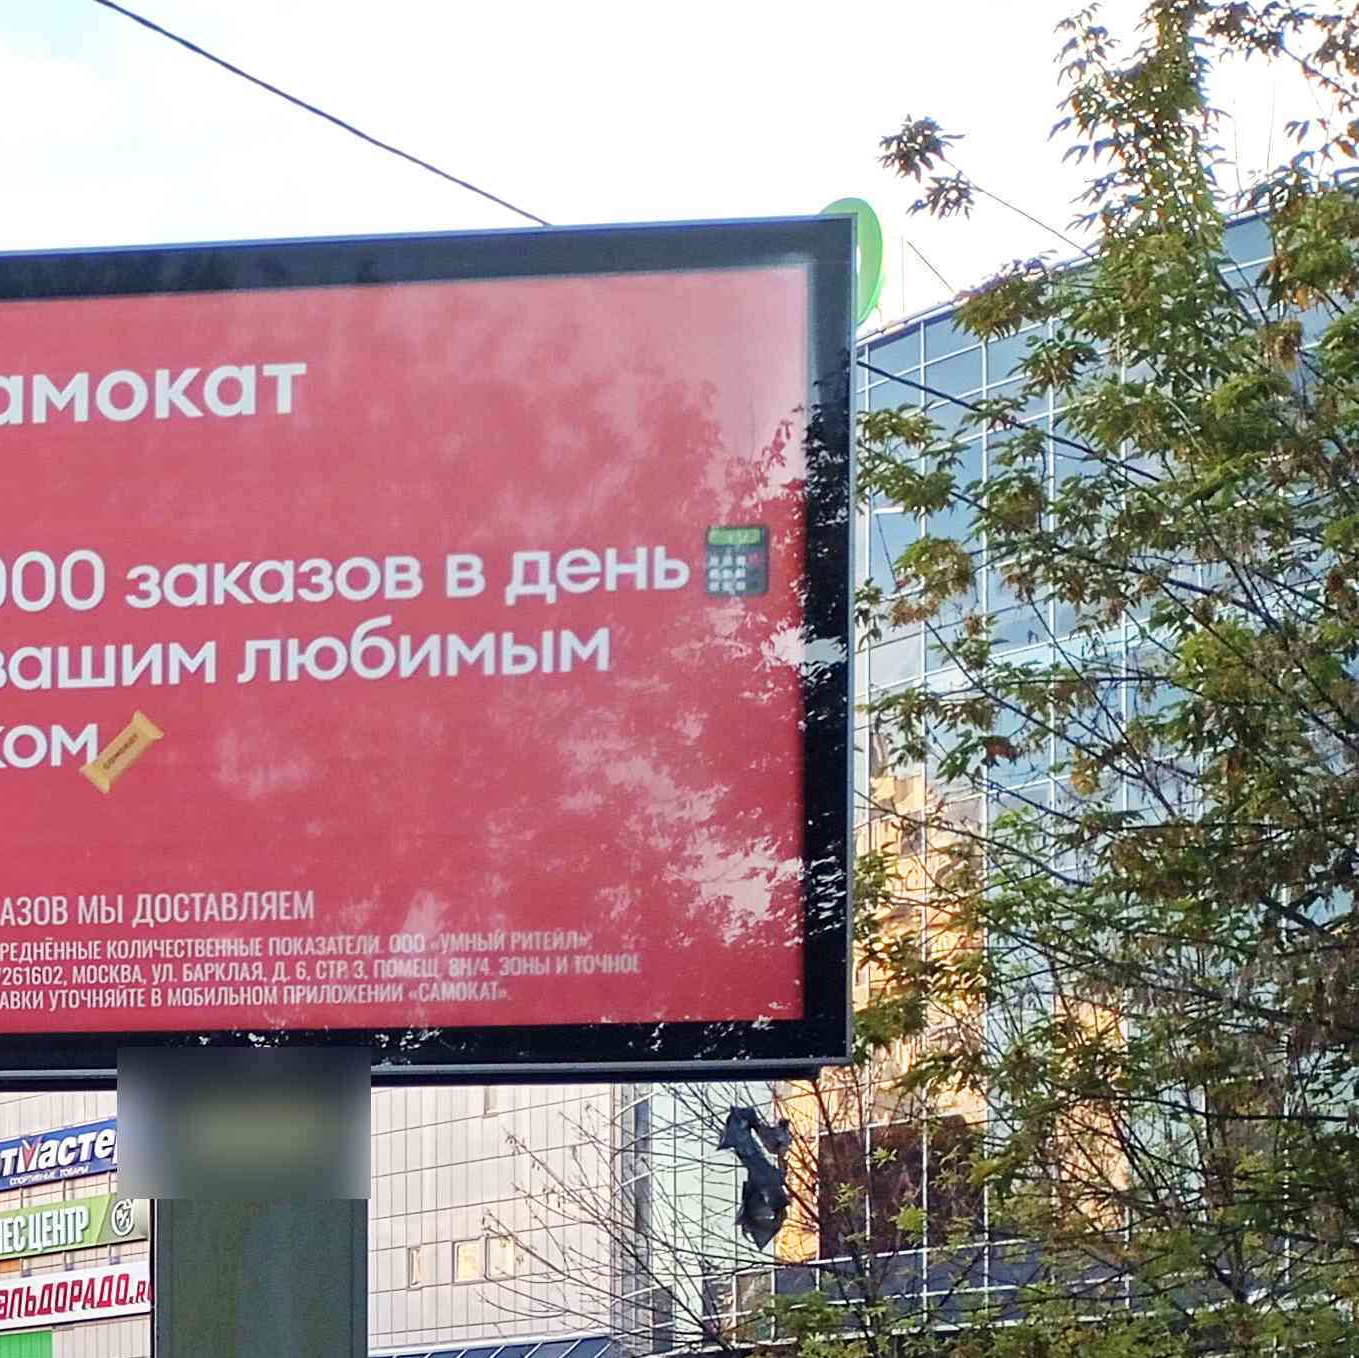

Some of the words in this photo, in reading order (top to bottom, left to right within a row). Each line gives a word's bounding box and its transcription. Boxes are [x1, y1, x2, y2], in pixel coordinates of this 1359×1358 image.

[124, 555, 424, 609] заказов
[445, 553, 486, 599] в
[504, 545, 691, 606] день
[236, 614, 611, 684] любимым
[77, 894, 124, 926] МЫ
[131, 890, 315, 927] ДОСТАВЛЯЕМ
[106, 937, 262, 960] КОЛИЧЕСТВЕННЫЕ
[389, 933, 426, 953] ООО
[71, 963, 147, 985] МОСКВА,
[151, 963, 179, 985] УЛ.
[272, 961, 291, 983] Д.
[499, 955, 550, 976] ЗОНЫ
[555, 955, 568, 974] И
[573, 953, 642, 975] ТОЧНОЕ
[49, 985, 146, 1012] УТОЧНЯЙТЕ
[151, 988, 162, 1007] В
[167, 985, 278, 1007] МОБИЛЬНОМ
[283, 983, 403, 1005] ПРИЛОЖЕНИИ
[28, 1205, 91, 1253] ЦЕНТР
_ _ _
* What the task requires: What is needed is an exact repeat of every entry above, with the pictures left out.

* Result:
Some of the words in this photo, in reading order (top to bottom, left to right within a row). Each line gives a word's bounding box and its transcription. Boxes are [x1, y1, x2, y2], in pixel coordinates of this 1359×1358 image.

[124, 555, 424, 609] заказов
[445, 553, 486, 599] в
[504, 545, 691, 606] день
[236, 614, 611, 684] любимым
[77, 894, 124, 926] МЫ
[131, 890, 315, 927] ДОСТАВЛЯЕМ
[106, 937, 262, 960] КОЛИЧЕСТВЕННЫЕ
[389, 933, 426, 953] ООО
[71, 963, 147, 985] МОСКВА,
[151, 963, 179, 985] УЛ.
[272, 961, 291, 983] Д.
[499, 955, 550, 976] ЗОНЫ
[555, 955, 568, 974] И
[573, 953, 642, 975] ТОЧНОЕ
[49, 985, 146, 1012] УТОЧНЯЙТЕ
[151, 988, 162, 1007] В
[167, 985, 278, 1007] МОБИЛЬНОМ
[283, 983, 403, 1005] ПРИЛОЖЕНИИ
[28, 1205, 91, 1253] ЦЕНТР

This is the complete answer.